The legal concept of standing is central to being able to file a wrongful death claim. For a wrongful death lawyer, this means often fielding questions about the process from folks who may not be able to pursue cases. If you are not an immediate family relation of the deceased person, here are four things you need to know about the possibility of seeking compensation.
What Counts as an Immediate Family Member?
In terms of legal standing, there are two types of potential plaintiffs who are guaranteed to have sufficient standing to sue for wrongful death. First, a surviving spouse is certain to be able to. Second, a surviving dependent child will if neither of the parents is still alive. Also, surviving dependents can often be parties to claims filed by surviving spouses.
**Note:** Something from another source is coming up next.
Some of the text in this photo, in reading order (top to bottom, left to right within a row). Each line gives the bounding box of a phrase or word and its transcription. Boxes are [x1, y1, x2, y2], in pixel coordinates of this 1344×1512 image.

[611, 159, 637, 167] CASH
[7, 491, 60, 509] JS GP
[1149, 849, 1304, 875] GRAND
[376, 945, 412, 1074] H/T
Such dependents may be able to claim the loss of parenting.
A Circle Working Outward
Whoever among the surviving relatives has the strongest immediate relationship to the deceased will have the right to pursue a claim. For example, if the decedent passed unmarried and without children, their siblings would be the next ones up for filing claims. There are even rare scenarios where this sort of thing could work its way down to a surviving cousin.
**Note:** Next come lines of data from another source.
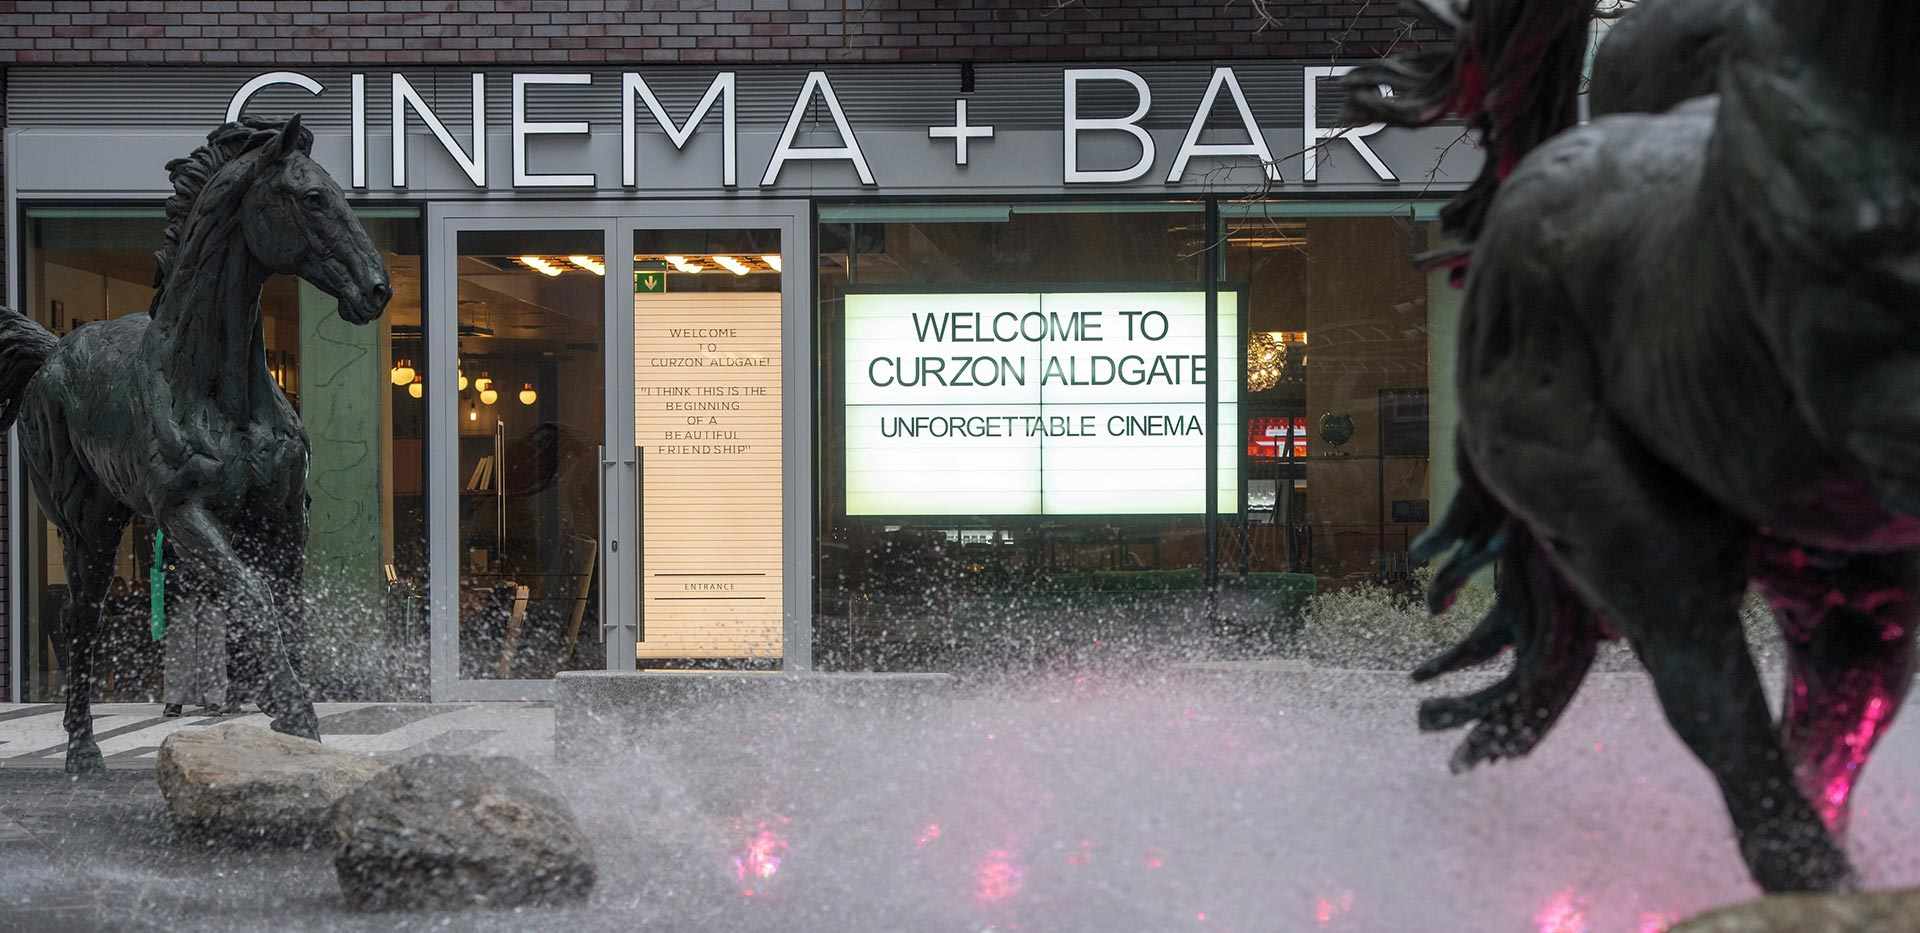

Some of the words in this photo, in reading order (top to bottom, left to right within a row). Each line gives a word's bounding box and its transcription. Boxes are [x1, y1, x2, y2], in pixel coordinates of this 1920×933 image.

[1063, 66, 1400, 184] BAR
[912, 311, 1103, 343] WELCOME
[1118, 310, 1169, 341] TO
[669, 328, 737, 338] WELCOME
[699, 343, 717, 352] TO
[651, 358, 703, 367] CURZON
[710, 357, 771, 367] ALDGATE!
[868, 356, 1025, 387] CURZON
[1041, 355, 1206, 386] ALDGATE
[656, 387, 691, 396] THINK
[697, 387, 724, 396] THIS
[727, 387, 739, 396] IS
[744, 387, 767, 396] THE
[666, 402, 740, 411] BEGINNING
[687, 416, 703, 425] OF
[708, 416, 718, 425] A
[881, 416, 1096, 438] UNFORGETTABLE
[1107, 415, 1203, 437] CINEMA
[665, 431, 739, 440] BEAUTIFUL
[658, 445, 751, 455] FRIENDSHIP"
If someone doesn't have a surviving spouse but they do have adult children, then the adult descendants are likely to have the best claim. Another set of rare scenarios would involve grandchildren standing in the absence of other closely related potential plaintiffs.
Less Likely Claimants
A small group of possible claimants includes adult dependents and minors with loco parentis relationships to the deceased. In the case of an adult dependent, the relationship will likely have to include legally recognized guardianship. With loco parentis, an ad hoc relationship usually involving relatives or close friends serving as de facto parents, the claimant will have to document that the relationship was lasting. Likewise, the relationship needs to be a demonstrable replacement of biological parentage.
Asserting a Claim
Any party that doesn't have an immediate family relationship to the deceased should be prepared to face heavy scrutiny from the court. For that matter, even a wrongful death attorney will want to see quite a bit of proof before they take a case.
Siblings, for example, might have to document that a deceased sibling died unmarried and without an offspring, minor or adult. The court will only consider this kind of case once it is clear that no one closer to the deceased can file a claim.